Nous ne sommes pas en France dans ce système juridique.
« Notre liberté d’expression est d’emblée contenue dans des lois qui la restreignent, en interdisant, par exemple l’incitation à la haine raciale, l’appel au meurtre, l’encouragement à toutes les discriminations…. »
Cela doit nous éviter toute guerre civile larvée, manifestations violentes. Tout lynchage médiatique devrait être proscrit. En clair il y a des lois, et les citoyens individuellement ou en groupe ne peuvent se substituer aux juges, aux avocats, à la justice dans son ensemble. Nos institutions sont démocratiques, chez nous pas shérifs ni de coroners.
Les censeurs et les anti-censeurs s’auto autorisent eux-mêmes par leurs jugements médiatisés. Ils instituent une culture de la censure et de l’autocensure, par les ragots, les ont dits, les rumeurs.
La cancel culture balaye d’un même mouvement les juges, les avocats, toute la justice, elle prépare le retour de la barbarie et de l’arbitraire. C’est la justice médiatique des réseaux sociaux, rapide expéditive.
Comment en est-on arrivé là ?
Laure Murat professeure, historienne l’explique par un défaut, un manque de justice, trop lente, sans assez de moyens.

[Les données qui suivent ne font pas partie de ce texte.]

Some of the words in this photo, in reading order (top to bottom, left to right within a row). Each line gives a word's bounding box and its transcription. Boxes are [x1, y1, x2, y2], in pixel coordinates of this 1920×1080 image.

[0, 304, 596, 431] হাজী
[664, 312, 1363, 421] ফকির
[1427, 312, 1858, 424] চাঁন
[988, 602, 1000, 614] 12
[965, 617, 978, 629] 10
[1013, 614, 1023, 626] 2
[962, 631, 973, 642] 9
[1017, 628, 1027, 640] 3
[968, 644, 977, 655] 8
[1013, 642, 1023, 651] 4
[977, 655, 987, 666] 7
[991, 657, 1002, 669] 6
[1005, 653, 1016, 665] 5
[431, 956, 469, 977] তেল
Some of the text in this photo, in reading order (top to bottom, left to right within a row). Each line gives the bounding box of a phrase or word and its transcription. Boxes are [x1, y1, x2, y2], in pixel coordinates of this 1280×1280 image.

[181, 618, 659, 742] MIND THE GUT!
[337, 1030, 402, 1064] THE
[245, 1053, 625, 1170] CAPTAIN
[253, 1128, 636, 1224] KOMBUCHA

Mais la justice n’aura jamais la rapidité des réseaux sociaux et c’est tant mieux !
Laure Murat va donc jusqu’à justifier cette cancel culture, en dénonçant simplement les excès, elle estime :
« Que la stigmatisation à laquelle se livrent en ligne certains militants de gauche radicale peut certes être excessive, mais elle est l’expression de la colère d’une population marginalisée et sans autre voix qu’internet. »

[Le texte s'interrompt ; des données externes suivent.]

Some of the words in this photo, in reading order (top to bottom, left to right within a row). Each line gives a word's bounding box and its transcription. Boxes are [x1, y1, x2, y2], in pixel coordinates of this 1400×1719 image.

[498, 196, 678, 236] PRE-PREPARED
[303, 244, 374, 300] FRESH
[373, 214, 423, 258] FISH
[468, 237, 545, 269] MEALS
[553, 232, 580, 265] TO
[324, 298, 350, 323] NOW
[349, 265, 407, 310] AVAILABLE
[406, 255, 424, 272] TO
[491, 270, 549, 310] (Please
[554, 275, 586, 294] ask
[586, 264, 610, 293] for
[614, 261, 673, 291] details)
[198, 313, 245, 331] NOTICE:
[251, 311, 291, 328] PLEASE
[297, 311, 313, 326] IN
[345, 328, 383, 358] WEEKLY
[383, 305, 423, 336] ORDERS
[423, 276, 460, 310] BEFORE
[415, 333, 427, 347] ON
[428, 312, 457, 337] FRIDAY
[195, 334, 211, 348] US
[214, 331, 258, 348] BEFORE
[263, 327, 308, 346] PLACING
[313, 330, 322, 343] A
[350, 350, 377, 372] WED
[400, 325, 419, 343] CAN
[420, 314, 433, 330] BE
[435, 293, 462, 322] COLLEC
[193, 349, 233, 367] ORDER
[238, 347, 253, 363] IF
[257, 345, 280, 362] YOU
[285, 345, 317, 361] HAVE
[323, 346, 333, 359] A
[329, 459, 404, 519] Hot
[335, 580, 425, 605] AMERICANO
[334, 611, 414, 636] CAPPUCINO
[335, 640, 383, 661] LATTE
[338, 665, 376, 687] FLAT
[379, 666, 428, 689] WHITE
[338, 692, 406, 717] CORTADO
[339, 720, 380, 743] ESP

Son propos d’apparence modéré à mon sens, risque de faire basculer les esprits les plus radicaux de la colère à la violence sans redonner à la justice sa place.
La cancel culture échappe à tout contrôle démocratique, une fois ses messages lancés sur les médias ou les réseaux sociaux, les incriminés sont déjà condamnés de fait, sans défense, sans appel.
S’il y a lieu sans ‘mais’ de faire respecter la liberté d’expression, qui est un des fondements des droits de l’homme et ce que la loi permet dans notre pays où il n’y a pas à ma connaissance de prisonniers politiques.
Il y a lieu aussi comme le propose la sociologue Nathalie Heinich de réfléchir à cette affirmation de Lacordaire :
« Entre le fort et le faible, c’est la liberté qui opprime et c’est la loi qui affranchit. »
La justice que la franc-maçonnerie nous demande de défendre, c’est bien le contraire de la barbarie, de la loi de la meute sauvage, de l’arbitraire, de la désignation des boucs émissaires, il nous faut combattre toutes les dictatures politiques, religieuses et aussi celles plus modernes des réseaux sociaux incontrôlés qui condamnent sans jugement.
Vous avez surement un avis à ce propos ?
Jean-François Guerry.
Sources : Articles du journal Le Monde.